When Wellbeing Gets an ‘A’ for Effort, But Fails the Final Test

When Wellbeing Gets an ‘A’ for Effort, But Fails the Final Test


As we covered in our previous post, what one person considers “wellbeing” will be different from the next. Every individual requires a unique equation to effectively improve their health.

With varying definitions of “wellbeing programs,” it is not always apparent as to whether they offer screenings, lifestyle management, disease management, or some combination. So, while a wellbeing program may tick the box on an employer’s list of work benefits, its actual impact on employee health at large, and on the business’s ROI, is not always easy to see.

How PepsiCo’s program came up short

A 2014 RAND wellness program study assessed PepsiCo’s wellness program, Healthy Living, which offered separate chronic disease management and lifestyle management initiatives.

While the study showed a return of $1.50 for every dollar invested in the program overall (the combined disease management and lifestyle management programs), the individual returns for the separate programs were drastically varied. Disease management showed an ROI of $3.80, while lifestyle management saw an ROI of only $0.50.  

Additionally, while 87% of participating employees were in the lifestyle management program, 87% of the total healthcare cost savings came from the disease management program. Essentially, more employees participated in the lifestyle management program but the disease management program led to the majority of healthcare cost savings.

Furthermore, a 2012 study from the University of Minnesota found no evidence that lifestyle management lowers healthcare costs. The three-year evaluation of the university’s wellness program found that the disease management led to a 1.76 return on investment in the program’s third year.

Personalization based on individual context and circumstance is a key ingredient of a successful wellbeing program. The impact of Pepsico’s program fell short – until it accounted for disease management and utilized a targeted approach catering to those who were already at high-risk.

The 2018 Illinois Workplace Wellness study also reviewed a workplace wellness program, which was available to 3,300 employees at the University of Chicago and at the University of Illinois at Urbana-Champaign. After one year, researchers did not see changes in healthcare costs or employees’ measured health behaviors.

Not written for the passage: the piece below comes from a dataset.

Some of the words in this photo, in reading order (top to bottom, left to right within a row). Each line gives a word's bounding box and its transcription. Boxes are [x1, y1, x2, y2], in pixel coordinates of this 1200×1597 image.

"The lack of first-year cost savings should not be surprising since the study focuses on health screenings and wellness activities such as fitness, stress management [and] smoking cessation for all employees rather than targeted strategies for employees diagnosed with costly chronic conditions," LuAnn Heinen, vice president at the nonprofit National Business Group on Health and director of the group's Institute on Innovation in Workforce Well-Being, explained to SHRM Online.

A personalized approach

We continue to see generic wellbeing programs fail due to their one-size-fits-all approach and lack of personalization to different people based their varied wellbeing needs. And as a result, ROI suffers.

To overcome this, employers must focus on the specific goals of their wellbeing programs. Do you want to deliver an employee benefit that’s suitable for everyone in the company? Or, do you want to generate ROI? This single question is key to determining the correct metric to assess a program.

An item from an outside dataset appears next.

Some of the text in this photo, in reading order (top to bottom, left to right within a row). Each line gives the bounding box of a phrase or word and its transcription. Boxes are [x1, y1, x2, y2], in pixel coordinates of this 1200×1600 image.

If you are trying to generate ROI, or affect claims cost, a one-size-fits-all program is not the answer. Achieving ROI will require employers to deliver solutions focused on risk categories that are enhanced by behavior modification and tailored closely to the individual participants.

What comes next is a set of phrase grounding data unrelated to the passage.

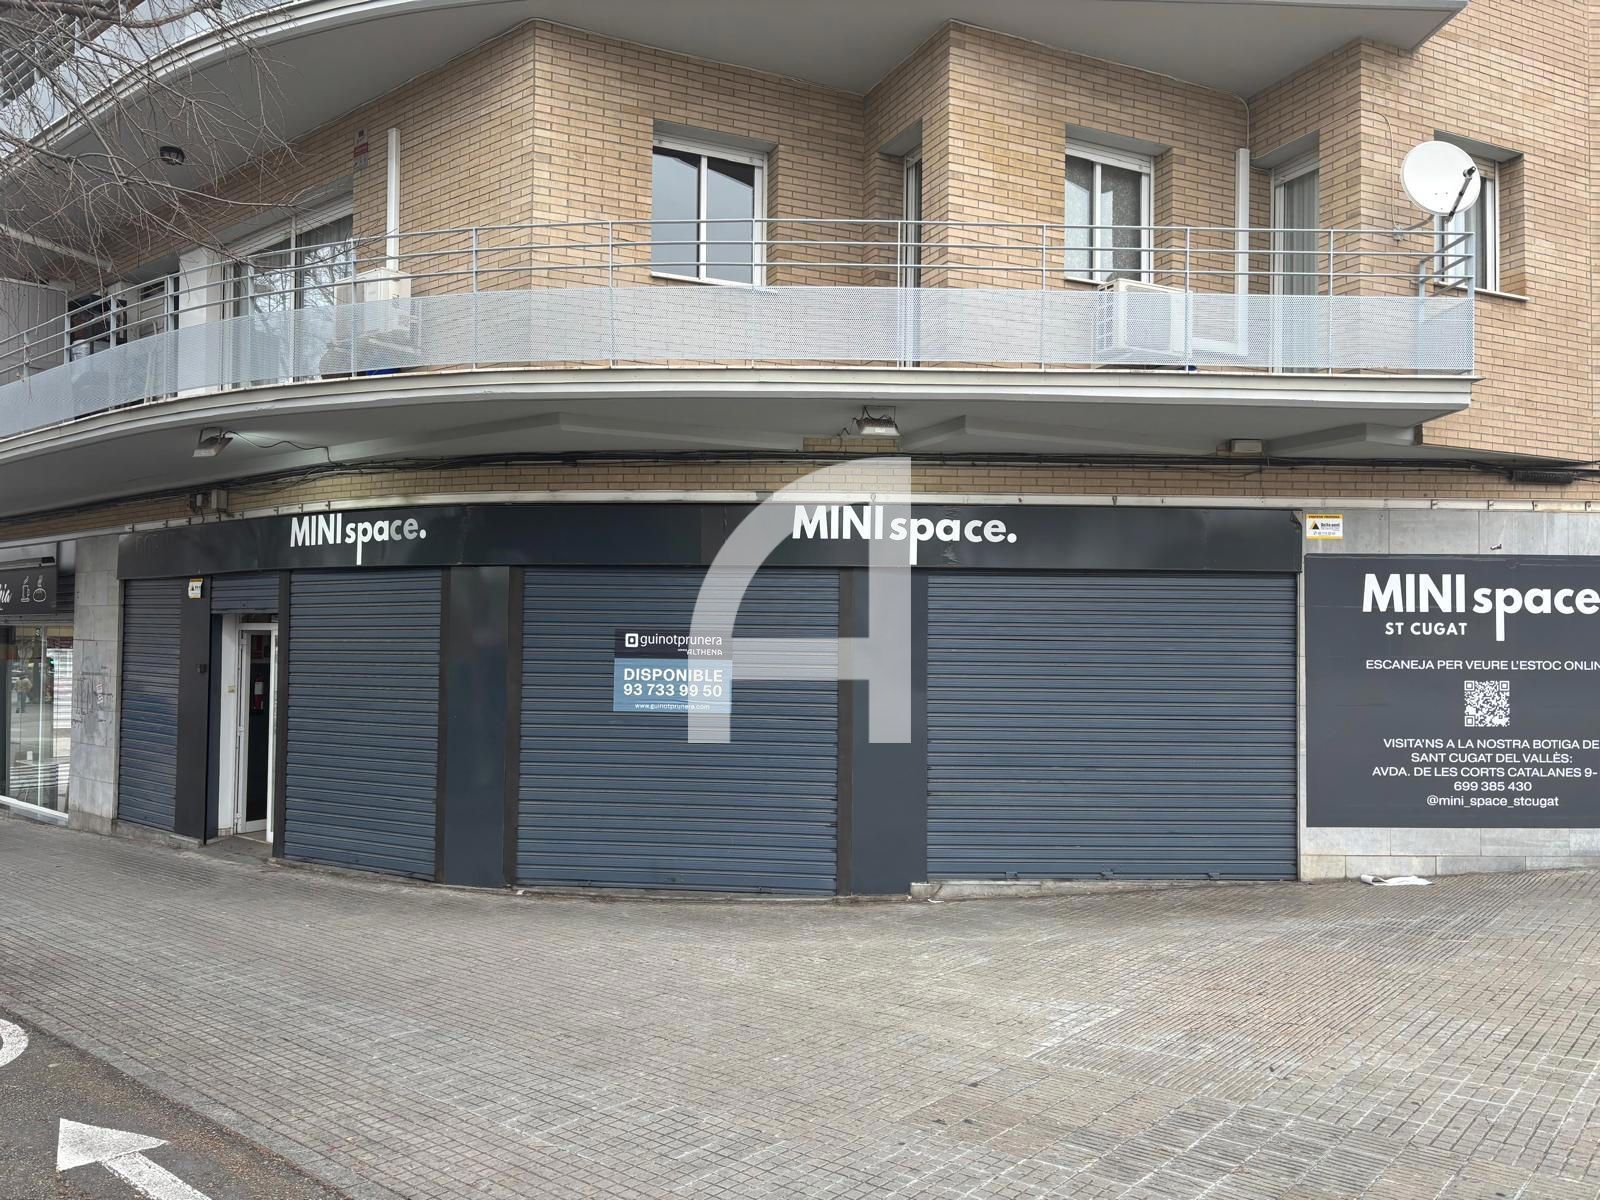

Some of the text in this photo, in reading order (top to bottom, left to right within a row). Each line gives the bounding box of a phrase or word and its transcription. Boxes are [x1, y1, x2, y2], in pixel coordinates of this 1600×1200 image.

[290, 513, 427, 565] MINI space.
[792, 505, 1018, 565] MINI space.
[1363, 574, 1466, 612] MINI
[1385, 622, 1467, 635] ST CUGAT
[640, 633, 723, 647] guinotprunera
[1366, 659, 1435, 670] ESCANEJA
[1437, 659, 1463, 670] PER
[1464, 660, 1509, 670] VEURE
[624, 668, 723, 682] DISPONIBLE
[624, 684, 723, 697] 93 733 99 50
[634, 703, 711, 711] www.guinotprunera.com
[1383, 738, 1600, 750] VISITA'NS A LA NOSTRA BOTIGA DE
[1410, 752, 1447, 763] SANT
[1448, 752, 1494, 763] CUGAT
[1495, 753, 1521, 763] DEL
[1371, 766, 1411, 777] AVDA.
[1413, 766, 1432, 777] DE
[1434, 766, 1458, 777] LES
[1460, 766, 1506, 778] CORTS
[1507, 767, 1582, 778] CATALANES
[1453, 781, 1533, 792] 699 385 430
[1426, 794, 1559, 809] @mini_space_stcugat

As the Pepsi study showed, applying a focused solution to a group of people with specific needs is a critical element to any successful wellbeing program. It is also important to understand that if you combine risk stratification with lifestyle programming (sleep, stress, nutrition, exercise) you can do more than simply manage a condition – you can normalize or even reverse those conditions.

So the question is: do you have to be a disease management program to achieve ROI? No – it is possible to blend both together. When employers deliver a focused program that teaches real life skills to incur long-lasting change, they can achieve higher ROI. In fact, the Pepsi study showed a higher ROI when combining both.

This is exactly Zillion’s objective: with our Restore program, members are selected based upon their specific conditions and/or diagnoses. The program is then designed to help those individuals manage their unique wellbeing needs.